CISSP vs CompTIA Security+: Which Cert Should You Pursue?

The Security+ exam costs $392. CISSP costs $749 — and that fee gap is actually the smallest difference between these two certifications. CISSP requires five years of paid work experience in two of its eight domains before you can even sit for the exam. CompTIA Security+ has no experience prerequisite. When people ask about CISSP vs CompTIA Security+, they're often asking the wrong question: not "which is better," but "which one am I actually eligible for, and which one will move my career right now?"

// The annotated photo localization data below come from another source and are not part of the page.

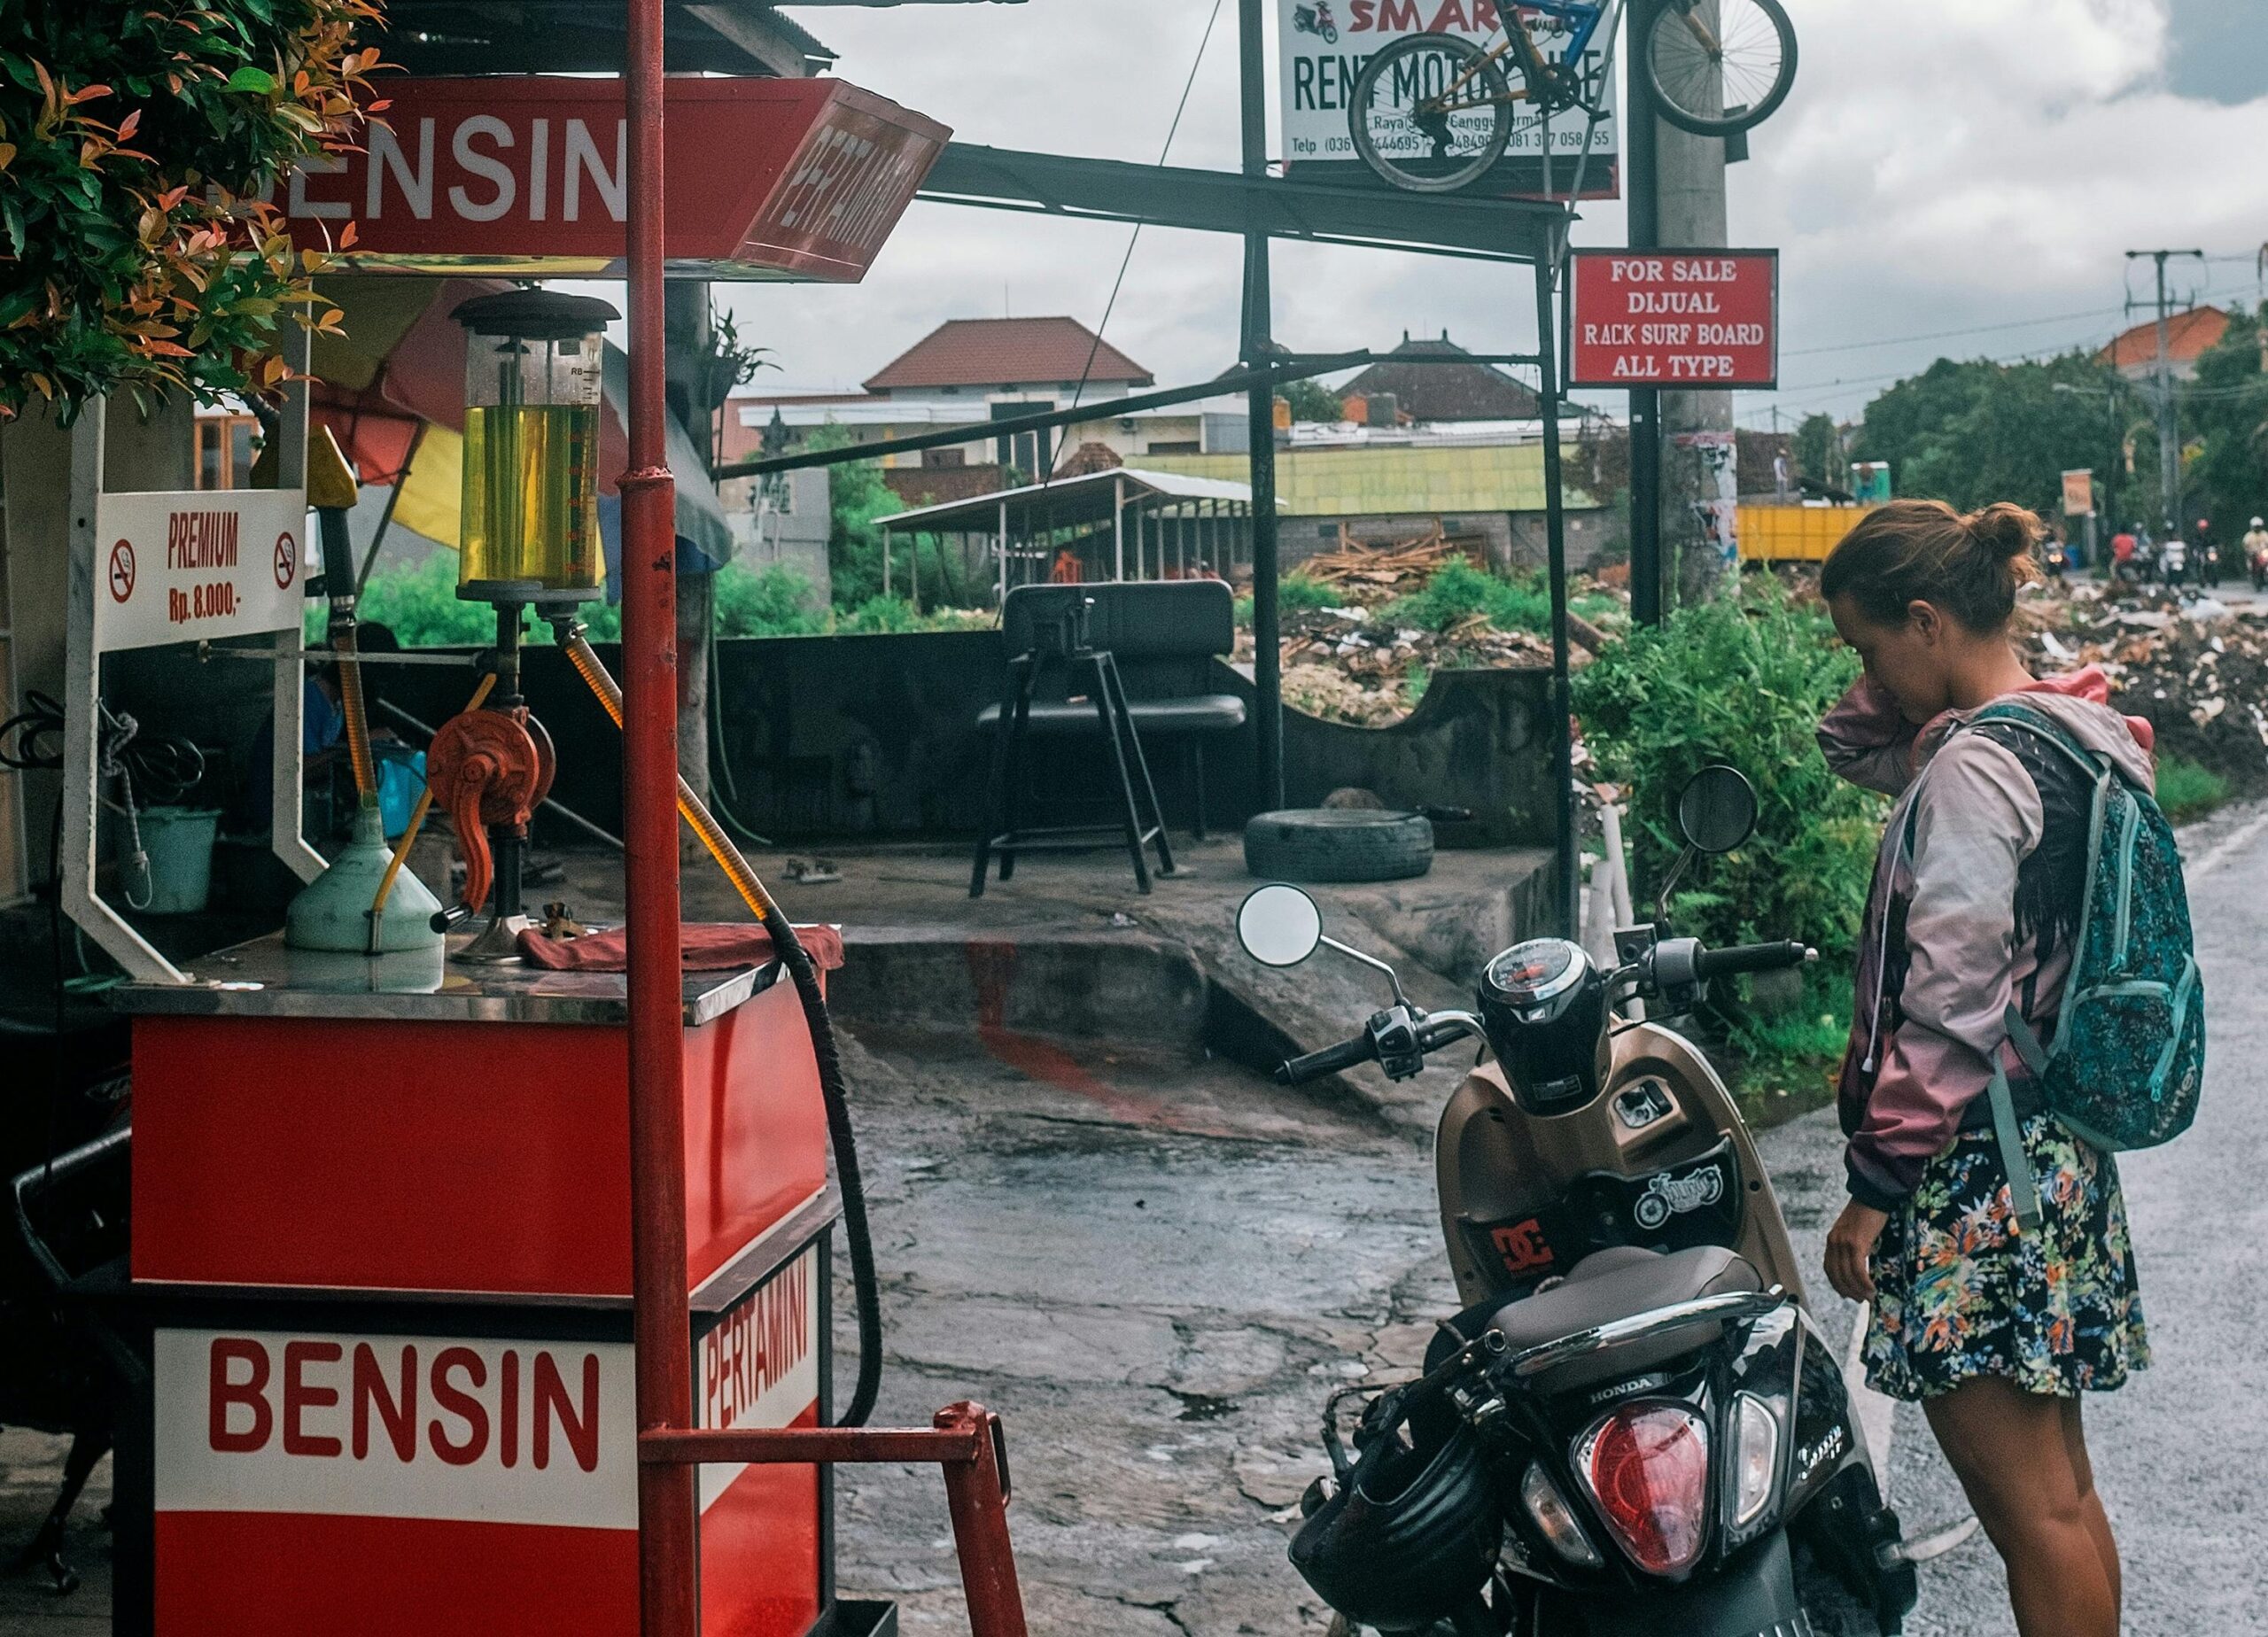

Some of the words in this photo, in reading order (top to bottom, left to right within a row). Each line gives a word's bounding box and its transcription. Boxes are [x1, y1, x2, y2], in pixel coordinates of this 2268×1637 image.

[1348, 0, 1540, 32] SMAR
[1374, 116, 1404, 132] Raya
[1292, 137, 1317, 155] Telp
[1534, 132, 1556, 146] 37
[1611, 260, 1665, 283] FOR
[1673, 260, 1737, 283] SALE
[1627, 292, 1720, 314] DIJUAL
[1584, 324, 1637, 345] RACK
[1641, 324, 1692, 345] SURF
[1697, 323, 1764, 345] BOARD
[1612, 355, 1660, 377] ALL
[1668, 355, 1735, 377] TYPE
[167, 511, 239, 570] PREMIUM
[168, 587, 191, 625] Rp.
[707, 1252, 807, 1429] PERTAMINI
[1590, 1378, 1653, 1404] HONDA
[209, 1337, 599, 1473] BENSIN
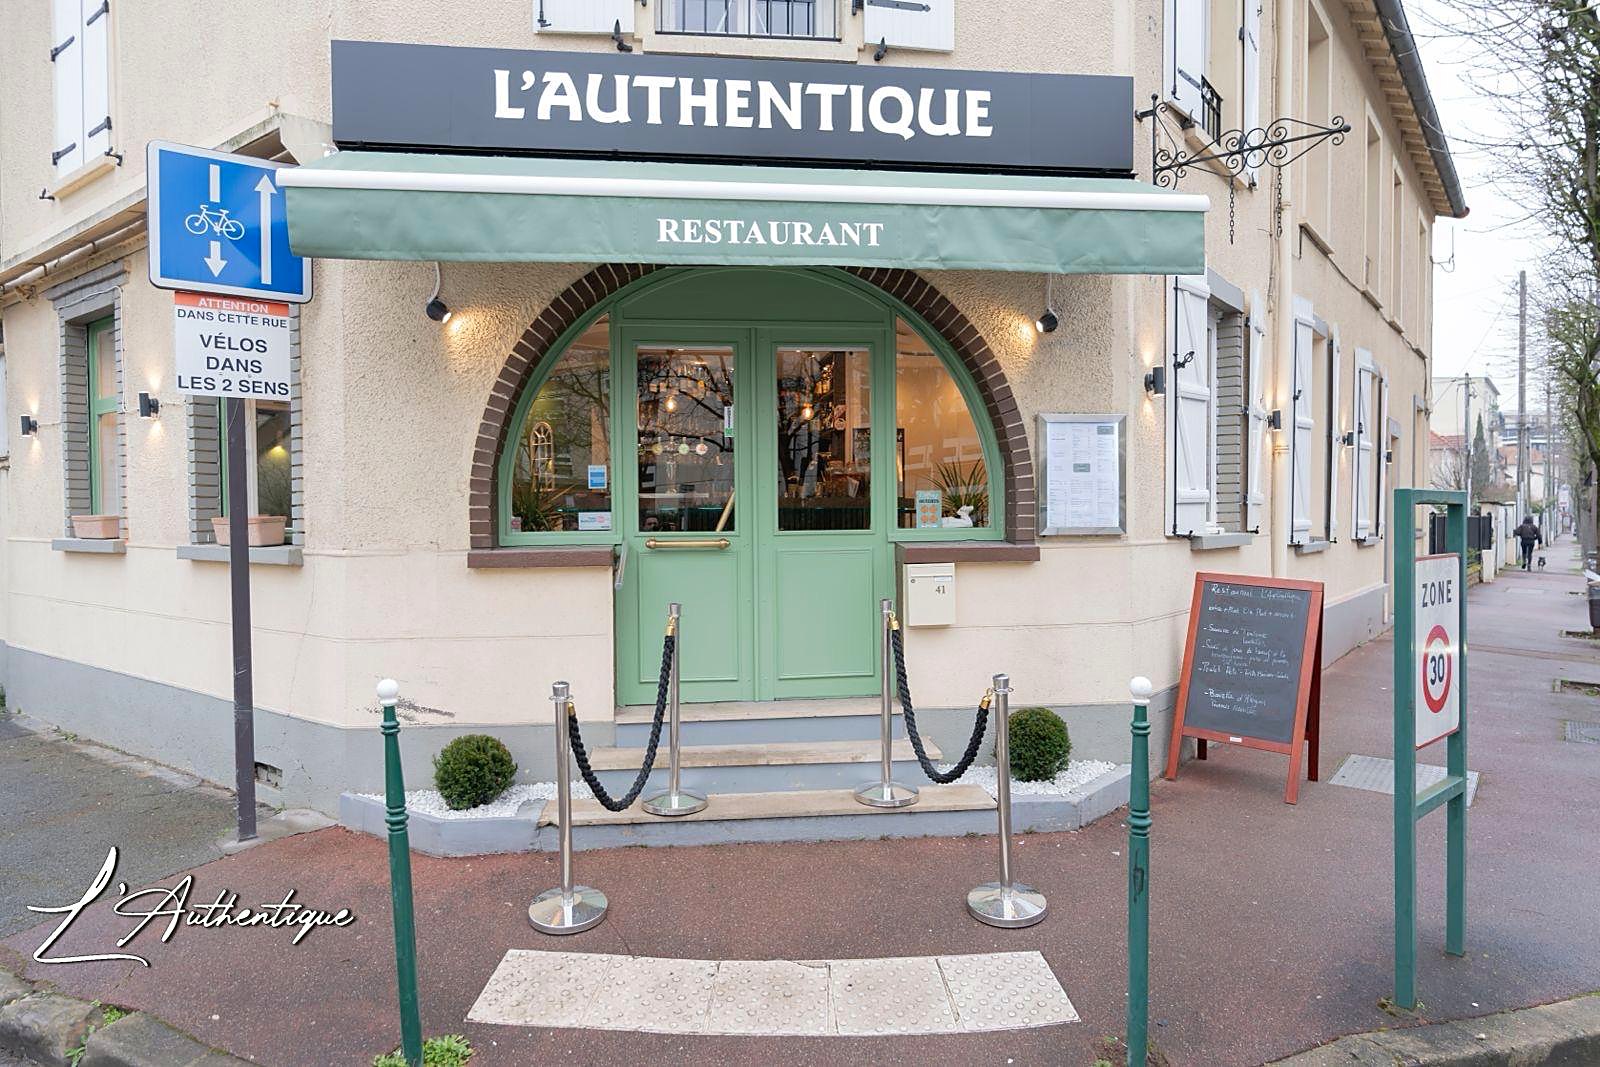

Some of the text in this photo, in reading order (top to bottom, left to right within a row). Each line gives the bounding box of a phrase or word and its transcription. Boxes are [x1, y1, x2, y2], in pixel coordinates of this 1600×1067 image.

[493, 69, 994, 141] L'AUTHENTIQUE
[657, 218, 884, 248] RESTAURANT
[198, 298, 269, 314] ATTENTION
[177, 309, 288, 328] DANS CETTE RUE
[200, 333, 267, 353] VÉLOS
[206, 356, 263, 374] DANS
[178, 375, 289, 396] LES 2 SENS
[935, 585, 946, 594] 41
[1422, 580, 1452, 608] ZONE
[1430, 653, 1445, 686] 30

What CISSP and CompTIA Security+ Actually Certify

CompTIA Security+ is a vendor-neutral, entry-to-mid-level certification that validates foundational security concepts: network security, threats and vulnerabilities, identity management, cryptography, and compliance. It's recognized under DoD 8570/8140 for IAT Level II roles, which is why it appears in so many government contractor job postings. The current version, SY0-701, covers five domains and is typically passable within 60–90 days of focused study for someone with a networking background.

CISSP (Certified Information Systems Security Professional) certifies that you can manage security at an organizational level — risk management, security architecture, asset security, software development security. It's issued by (ISC)², and the credential is explicitly aimed at people moving into or already in senior roles: security architects, managers, CISOs. The CISSP exam is adaptive (125–175 questions), and (ISC)² describes passing as demonstrating "a minimum of a practitioner level of competency." That's not marketing language — the exam genuinely tests judgment on complex scenarios, not just recall of definitions.

CISSP vs CompTIA Security+: Requirements and Eligibility

This is where the two diverge sharply:

  • CompTIA Security+: No experience requirement. CompTIA recommends Network+ and two years of IT experience with a security focus, but neither is mandatory. Candidates regularly pass straight out of a bootcamp or after self-directed study.
  • CISSP: Requires five years of paid, full-time work experience across two or more of the eight CISSP domains. A relevant four-year degree or an approved certification can substitute for one year. Without the experience, you can pass the exam and become an "Associate of (ISC)²" — but you won't hold the CISSP designation until the time is logged.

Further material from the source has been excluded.